La educación que buena o mala, mucha o poca pero todavía conservo me dice que cuando eres nuevo en un lugar, lo primero que se debe hacer es presentarse y mantenerse callado y observar.
En primer lugar me presento, mi nombre es Jack Griffin, aunque como podeís imaginar no es mas que un seudónimo ya que mi nombre real es otro, aunque coincidente en las iniciales y en las desventuras con el que he elegido.
Esta será un poco de mi historia como Hombre Invisible, que no se crea de un día para otro, si no que te vas dando cuenta poco a poco que te vuelves invisíble y cristalino a los ojos de los demás.
Hay gente que nace predestinada a ser invisible, no son ni altos ni bajos, ni gordos ni flacos, no poseen enormes narices ni orejas de soplillo, sus ojos no son saltones ni de colores exoticos, sus facciones son clásicas y anodinas. Tampoco su conducta es lo que se puede calificar como llamativa, son personas poco brillantes o con poco espíritu competitivo que se conforman sin ser siempre el mejor, nada estridentes.

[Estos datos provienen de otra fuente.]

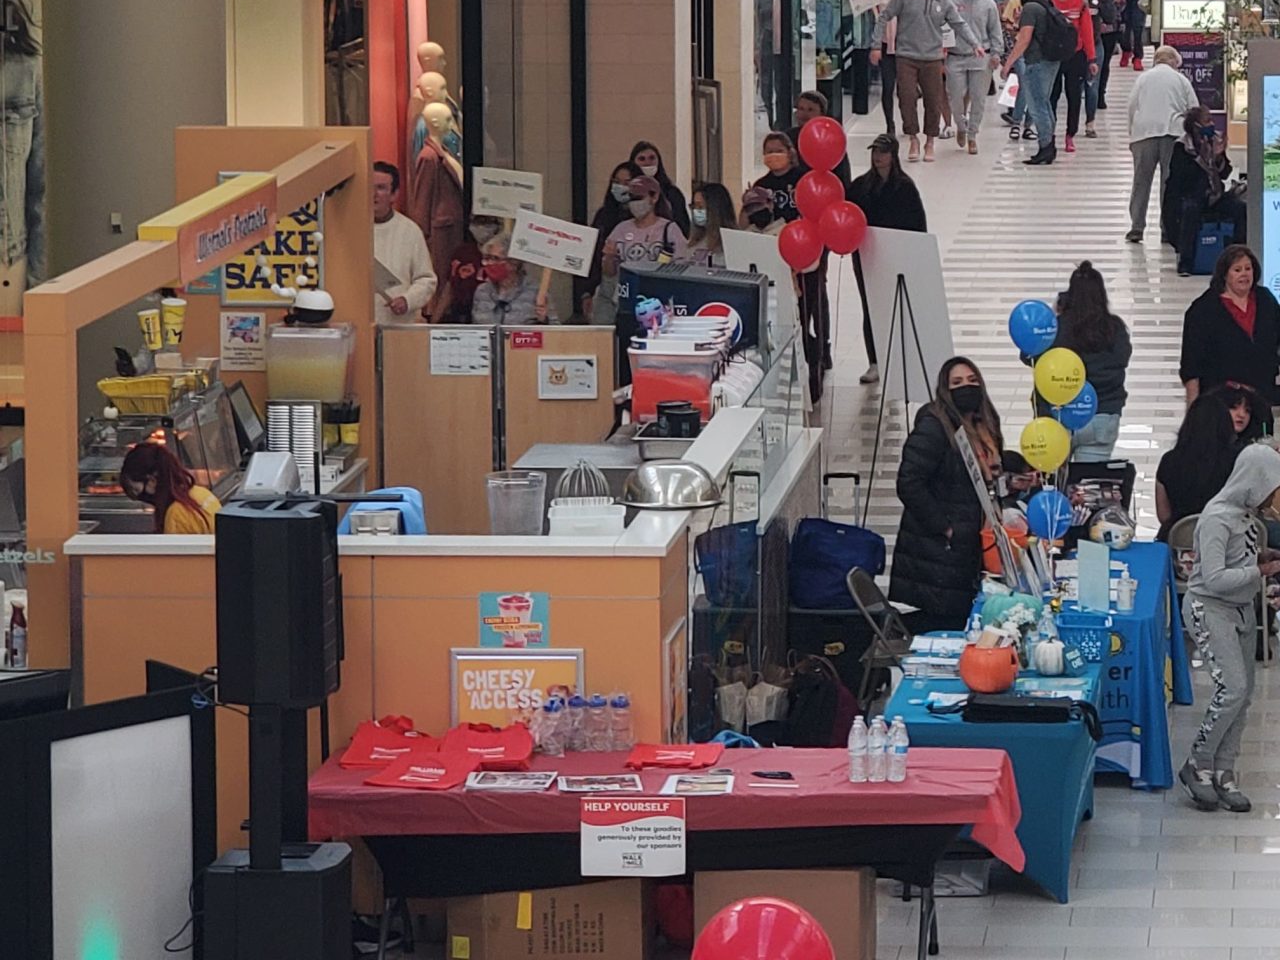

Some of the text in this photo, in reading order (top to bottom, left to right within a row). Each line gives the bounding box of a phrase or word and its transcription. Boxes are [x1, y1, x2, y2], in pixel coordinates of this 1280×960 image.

Con esos antecedentes, volverse invisible es casi automático, comienzas por no ser tomado en cuenta en los lugares públicos, hasta que tropiezan contigo y dicen, “huy, perdone no le había visto”, o puede ser que en un bar el camarero atienda a todos los acodados en la barra menos a ti, o la dependienta despacha sin reparar que llevas largo rato esperando. En el colegio no te preguntaban la lección (esto era una cosa buena, ya ves), y en las discotecas las chicas pasaban a tu lado como si no existieras.
Al final aprendes a sacar partido de la situación y explotas la faceta de ser invisible, pero que nadie se crea que este tipo de invisibilidad sirve para colarse en los vestuarios de las chicas, en casa de la vecina guapa, o para “distraer” pequeños objetos de los supermercados, je..je… nada más lejos de la realidad. Te mezclas entre la multitud y eres totalmente invisible, nadie te ve, nadie se fija en ti.
Hoy empiezo a ser un poco más invisible en la red, contando mis historias que me sirven de terapia para controlar los torrentes de sentimientos que a veces me invaden.